Development of the ovarian follicle and corpus luteum involves proliferation and differentiation of several cell types: granulosa cells, thecal cells, and various stromal cells, particularly the endothelial cells that compose the rich thecal and luteal vascular networks. Basic fibroblast growth factor (bFGF) is a potent mitogen for cells of mesodermal and neuroectodermal origin, including endothelial cells. With the use of reverse transcription-polymerase chain reaction (PCR), we have examined the expression of bFGF in the rat ovary. RNA was extrcted from fetal bovine aortic endothelial cells, hypothalami of adult rats, and either whole ovaries or isolated granulosa cells from PMSG-primed immature rats.

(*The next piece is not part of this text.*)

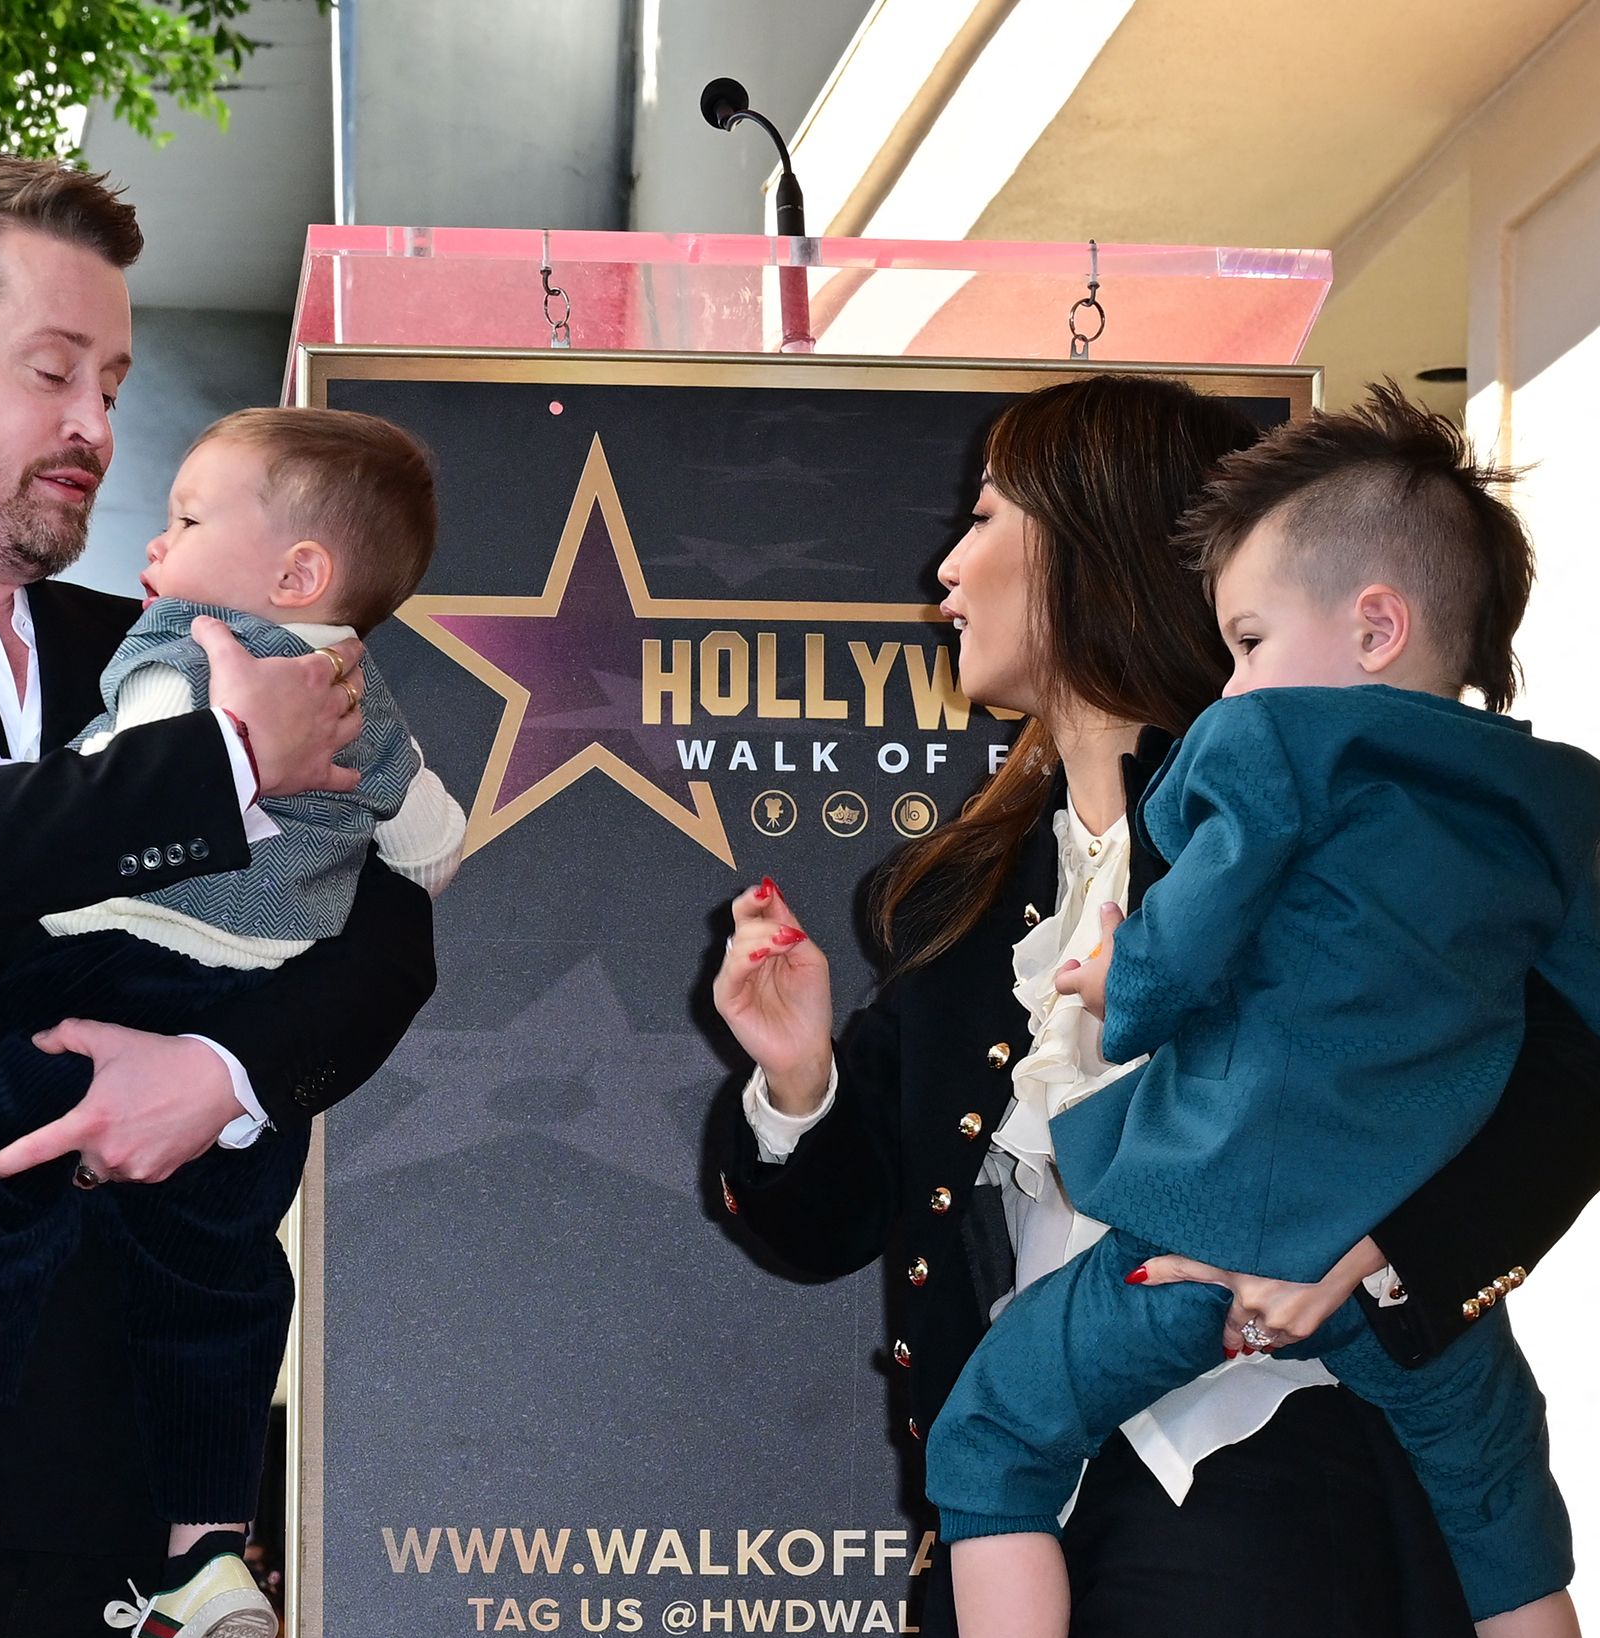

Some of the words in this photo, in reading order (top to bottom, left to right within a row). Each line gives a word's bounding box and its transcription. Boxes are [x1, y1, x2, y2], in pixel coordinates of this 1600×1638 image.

The RNA was reverse transcribed and then amplified by PCR using two oligonucleotide primers specific for both bovine and rat bFGF. A sample of the PCR solution was size fractionated by electrophoresis in an 8% polyacrylamide gel, which was then stained with ethidium bromide and examined under ultraviolet light. When reverse transcription-PCR was performed on RNA from bovine endothelial cells, rat hypothalamus, or whole rat ovary, a single major DNA band corresponding in length to the distance between the 5''-ends of the two bFGF-specificprimers (354 base pairs) was obtained. The identity of this material with the bovine and rat bFGF sequences was confirmed by restriction enzyme analysis. When RNA from isolated granulosa cells was examined, however, no bFGF mRNA was detected. These results confirm that the bFGF gene is expressed in the ovary during follicular development. Furthermore, they demonstrate that ovarian bFGF expression is cell specific, since granulosa cells do not contain detectable bFGF mRNA.